# zegswijze



## Chimel

Hallo allemaal,

Hoe begrijp je het woord "zegswijze", kun je daar voorbeelden van geven?

In een discoursanalyse schrijft iemand dat zijn materiaal bestaat uit allerlei woordkeuzes, metaforen, *zegswijzen*... Van Dale geeft als vertaling "locution", "expression". Dit is een vrij algemeen concept: "naar huis gaan" is bv een "locution/expression". Maar is dat wel een zegswijze?

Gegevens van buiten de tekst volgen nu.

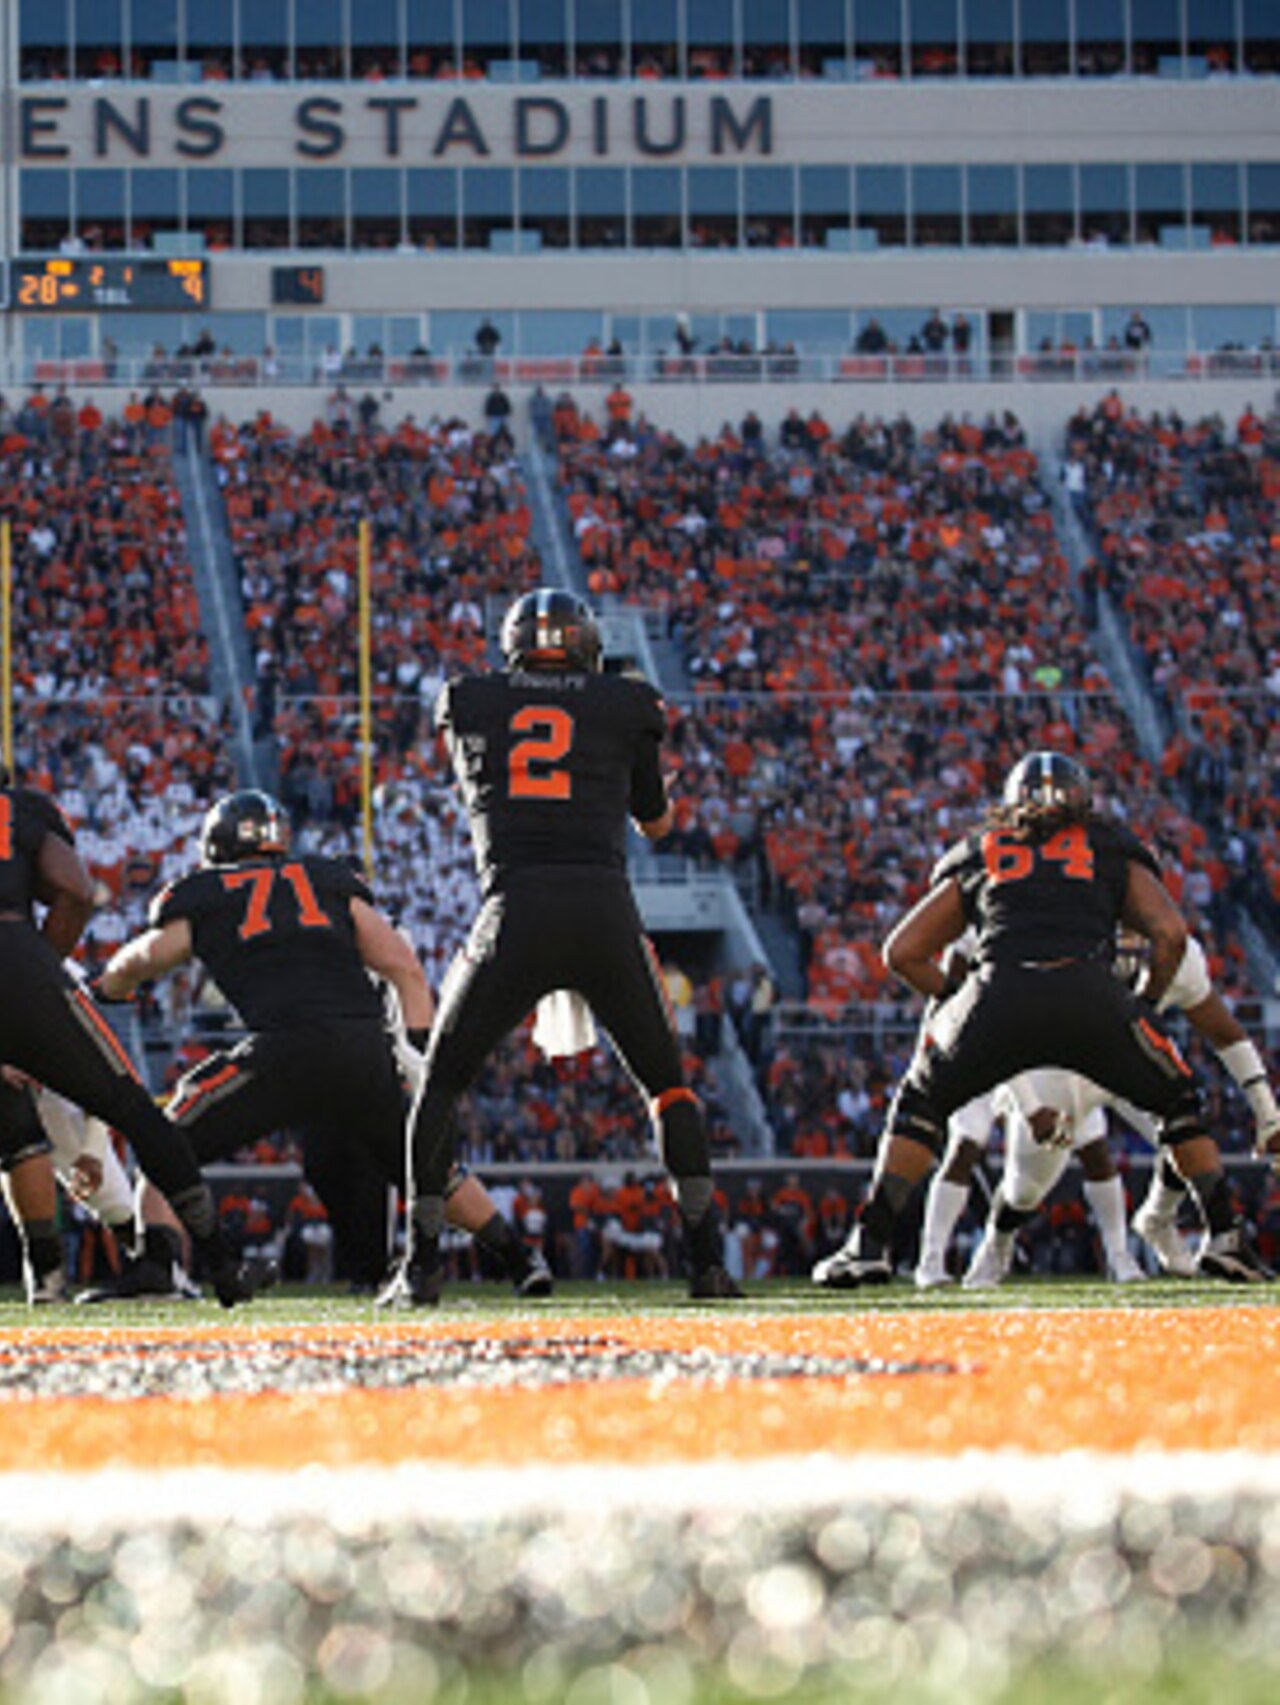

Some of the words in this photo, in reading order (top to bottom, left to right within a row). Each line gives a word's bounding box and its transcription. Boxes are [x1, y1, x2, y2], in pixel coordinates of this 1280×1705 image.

Als ik Wikipedia raadpleeg, dan is er een artikel "Gezegde/zegswijze", waar ik lees: "Een zegswijze vormt een volledige zin die vrijwel onveranderlijk is en een onpersoonlijk onderwerp (er, dat, het,...) heeft". Het is dus een langere woordgroep, die eerder bij een spreekwoord aansluit. Als voorbeelden worden gegeven "Er is stront aan de knikker", "Dat mag Joost weten". Dit zijn geen "locutions" in het Frans.

Wat denkt het forum?


----------



## Peterdg

Ik weet niet wat ik erover denk, maar ik kan wel zeggen wat van Dale (1989) erover zegt.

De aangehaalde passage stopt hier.